**Aim of the exercise**. Your task is to copy the listing exactly, with the pictures left out.
━━━━━━
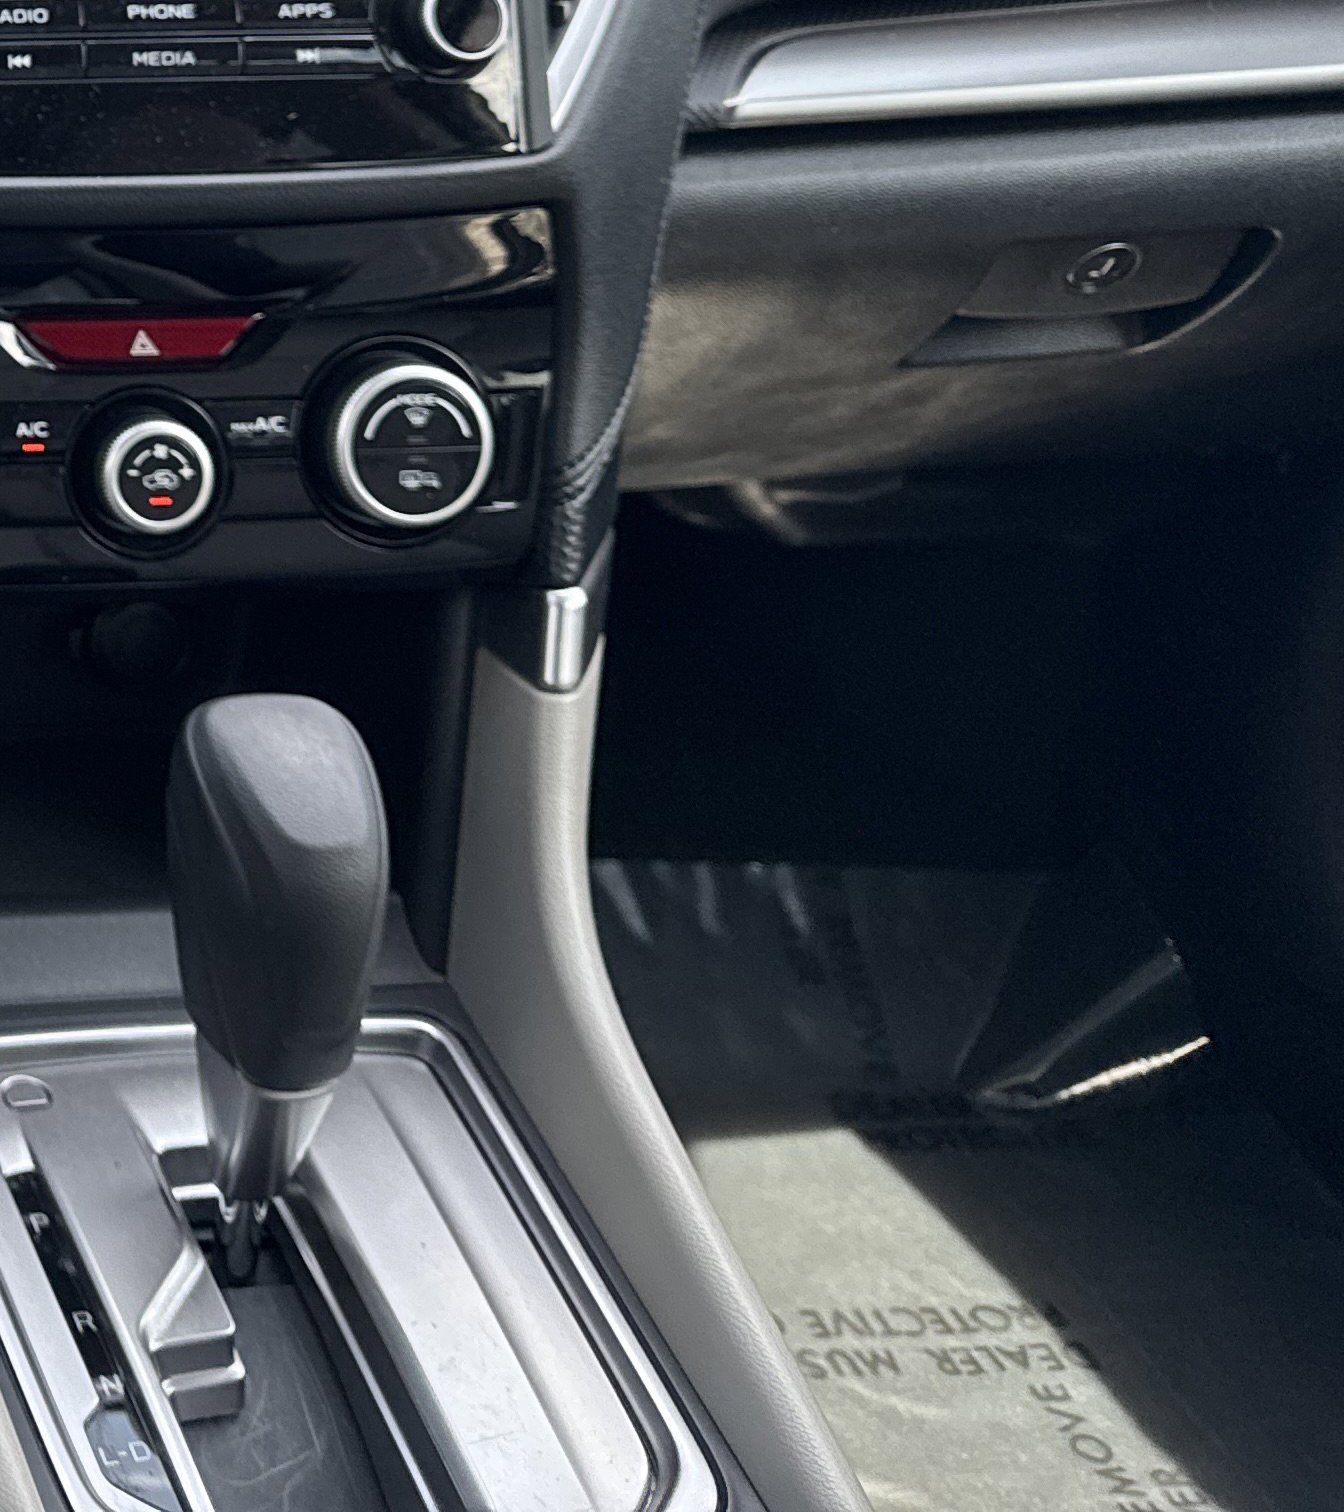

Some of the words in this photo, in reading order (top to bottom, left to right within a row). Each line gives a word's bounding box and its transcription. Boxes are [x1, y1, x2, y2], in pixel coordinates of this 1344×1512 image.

[127, 3, 198, 20] PHONE
[277, 3, 336, 19] APPS
[132, 50, 197, 67] MEDIA
[15, 421, 51, 438] A/C
[29, 1212, 50, 1238] P
[71, 1310, 99, 1335] R
[98, 1376, 125, 1397] N
━━━━━━
**Exercise output**.
Some of the words in this photo, in reading order (top to bottom, left to right within a row). Each line gives a word's bounding box and its transcription. Boxes are [x1, y1, x2, y2], in pixel coordinates of this 1344×1512 image.

[127, 3, 198, 20] PHONE
[277, 3, 336, 19] APPS
[132, 50, 197, 67] MEDIA
[15, 421, 51, 438] A/C
[29, 1212, 50, 1238] P
[71, 1310, 99, 1335] R
[98, 1376, 125, 1397] N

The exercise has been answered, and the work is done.